DE of HERV elements discriminates ME/CFS, FM, and co-diagnosis.
(A) Volcano plots showing Log2(fold changes) and the adjusted p-values for all HERV assessed with HERV-V3 microarray for each set of groups, as indicated. Red dots indicate DE HERV (FDR<0.1 and |log2FC|>1). Grey boxes show numbers of overexpressed or underexpressed HERV elements. (B) HERV expression heatmap and cluster analysis of ME/CFS (n=8, green), FM (n=10, orange), co-diagnosed (n=16, yellow), and healthy control (n=9, blue) samples. The heatmap includes all HERV probes displaying significant DE between at least two of the compared groups (FDR<0.1 and |log2FC|>1). Clusters 1-4 correspond to groups of HERV probes displaying significant over/under-expression in at least one group. Box and violin plots summarize the distribution and expression levels of the DE probes in each cluster per study group. The scaled mean expression value (z score) for each HERV probe is plotted. Box plots show the median z-score value and the first and third quartiles. (C) Box and violin plots for Clusters 1 and 2 differentiating ME/CFS subgroups 1 and 2. (D) Principal component analysis of DE HERV. (E) Bar plot of top ten DE HERV with greater influence/contribution to principal component 1 (PC1) or principal component 2 (PC2). Statistical tests: unpaired two-sample Wilcoxon Test with Benjamin-Hochberg p-value correction (***p<0.001, ****p < 0.0001).

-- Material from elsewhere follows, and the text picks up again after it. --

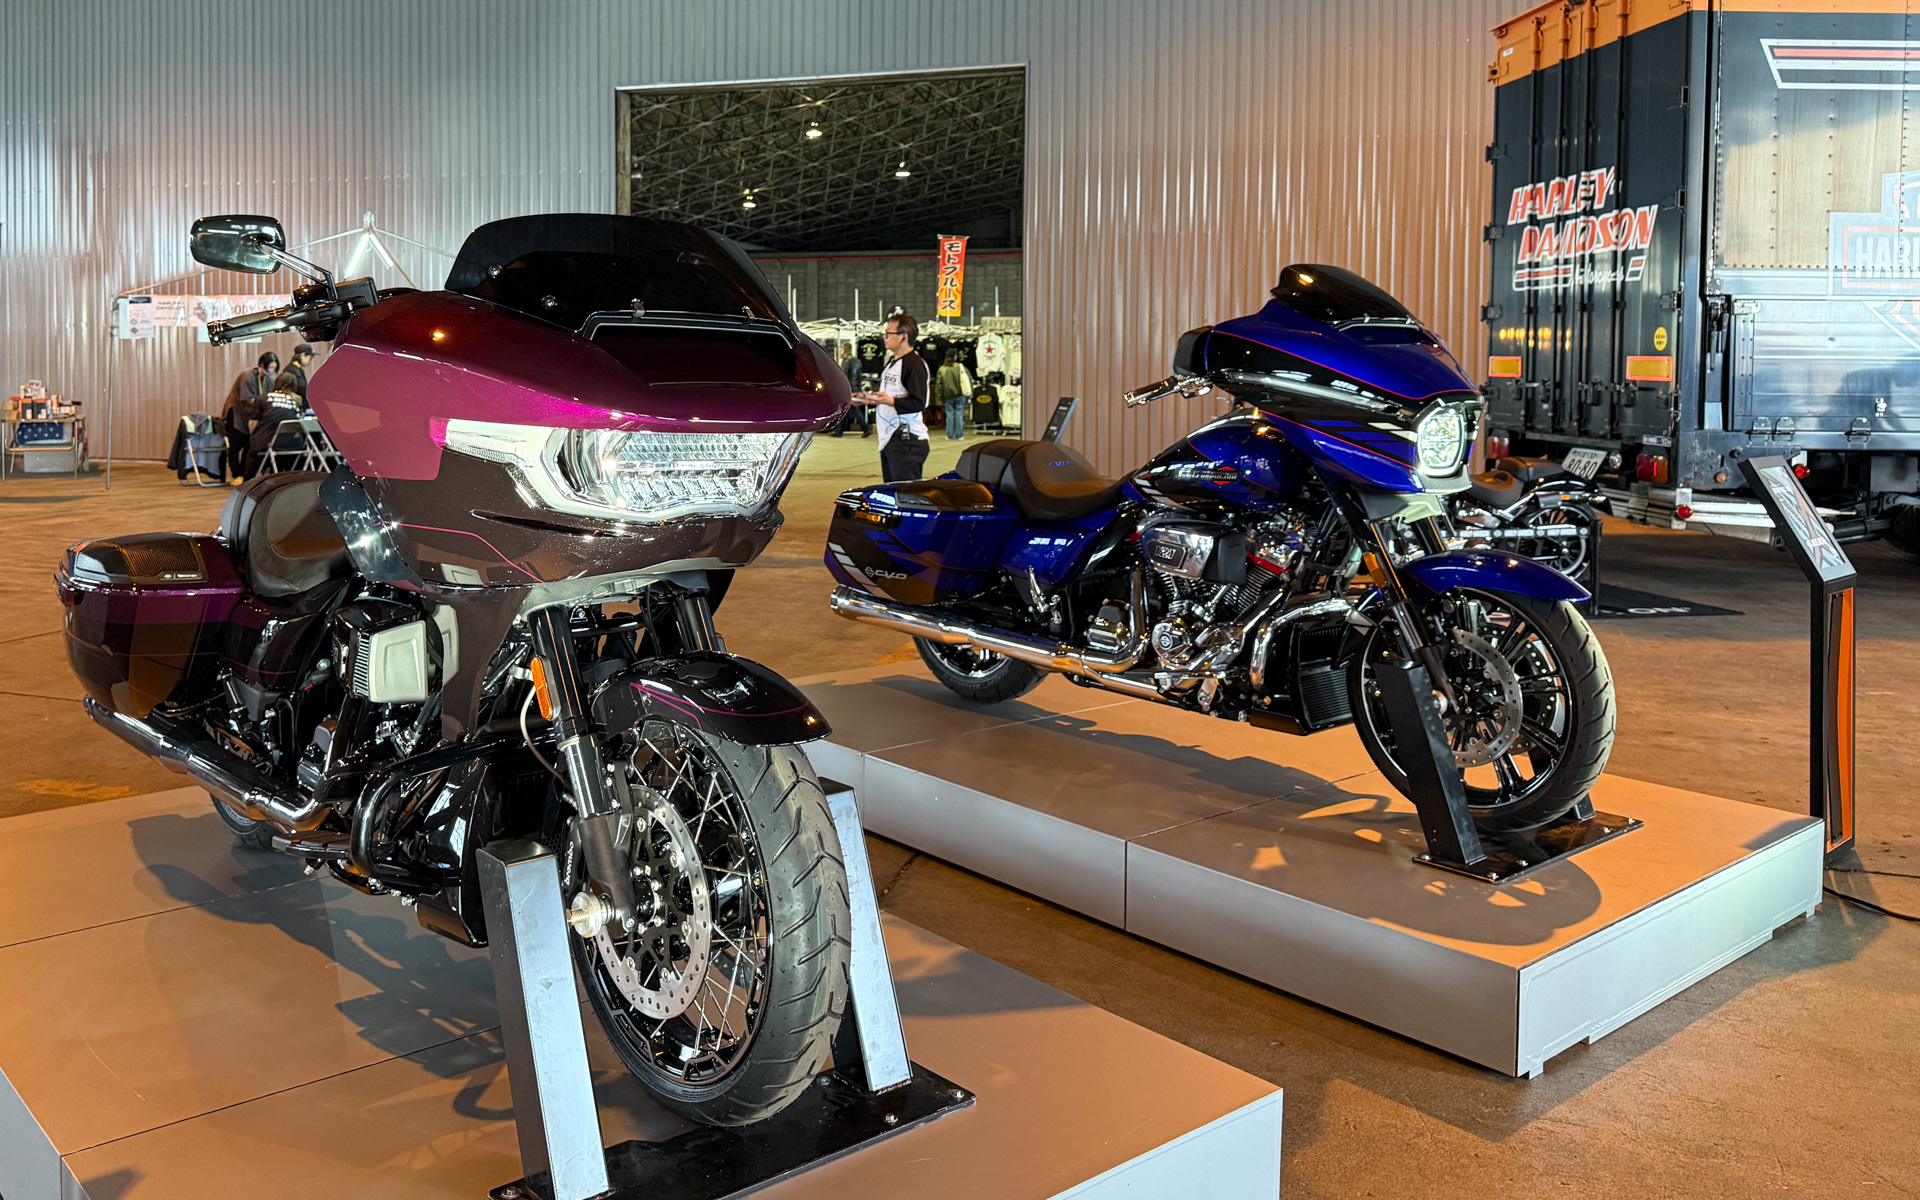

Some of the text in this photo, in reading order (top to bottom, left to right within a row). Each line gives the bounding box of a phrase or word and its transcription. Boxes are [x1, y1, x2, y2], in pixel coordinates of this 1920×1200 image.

[1517, 204, 1659, 264] DAVIDSON
[874, 569, 908, 580] CVO
[562, 841, 574, 887] brembo

Closer examination of Clusters 1 and 2 indicated that the ME/CFS group could be subdivided into two subgroups showing differential levels of HERV expression profiles (Fig. 1C). While both ME/CFS subgroups (subgroup 1 and subgroup 2) show clear upregulation (Cluster 1, p<0.0001) or downregulation (Cluster 2, p<0.0001) of several HERV loci as compared to all the other study groups, they show quantitative differences, with the ME/CFS subgroup 2 exhibiting a more pronounced dysregulation than subgroup 1, particularly affecting the downregulated Cluster 2 (Fig. 1C). Interestingly, subgroup 2 ME/CFS patients present more accused levels of fatigue (p<0.05) and reduced motivation as compared to the co-diagnosed group and the ME/CFS subgroup 1 (Table S4) indicating that quantitative HERV fingerprint differences might help to assess the degree of ME/CFS severity.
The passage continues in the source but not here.